The answer must be the full listing, word for word, with no pictures in it.

Start of RECORDED DATA

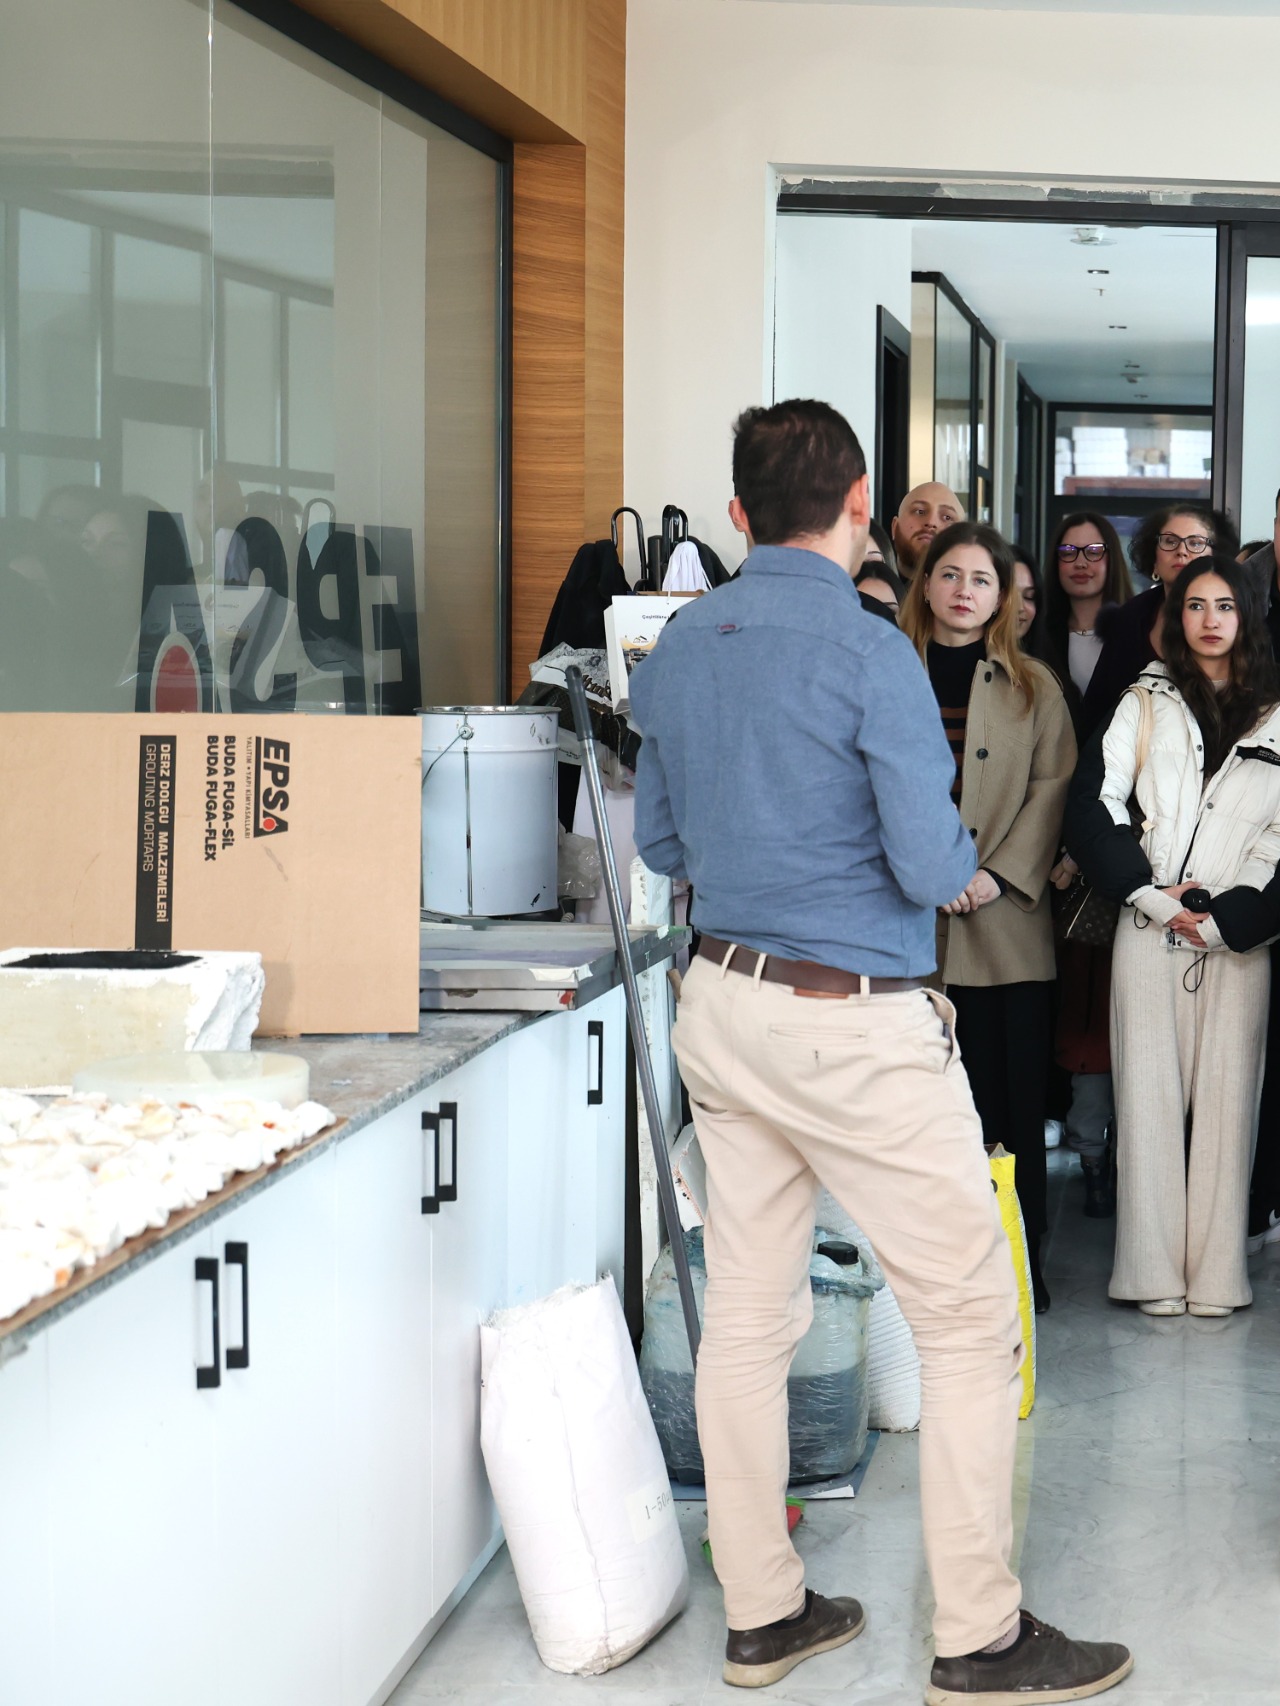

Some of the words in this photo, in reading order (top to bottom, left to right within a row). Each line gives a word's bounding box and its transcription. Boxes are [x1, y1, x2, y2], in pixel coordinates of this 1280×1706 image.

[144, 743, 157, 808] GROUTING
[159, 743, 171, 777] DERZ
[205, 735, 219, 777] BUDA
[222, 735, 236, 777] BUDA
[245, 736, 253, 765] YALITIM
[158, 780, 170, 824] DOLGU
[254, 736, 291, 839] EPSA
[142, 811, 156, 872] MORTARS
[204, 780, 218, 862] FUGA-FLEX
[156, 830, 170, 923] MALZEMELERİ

End of RECORDED DATA

**PROBLEM SOLUTION**.
Some of the words in this photo, in reading order (top to bottom, left to right within a row). Each line gives a word's bounding box and its transcription. Boxes are [x1, y1, x2, y2], in pixel coordinates of this 1280×1706 image.

[144, 743, 157, 808] GROUTING
[159, 743, 171, 777] DERZ
[205, 735, 219, 777] BUDA
[222, 735, 236, 777] BUDA
[245, 736, 253, 765] YALITIM
[158, 780, 170, 824] DOLGU
[254, 736, 291, 839] EPSA
[142, 811, 156, 872] MORTARS
[204, 780, 218, 862] FUGA-FLEX
[156, 830, 170, 923] MALZEMELERİ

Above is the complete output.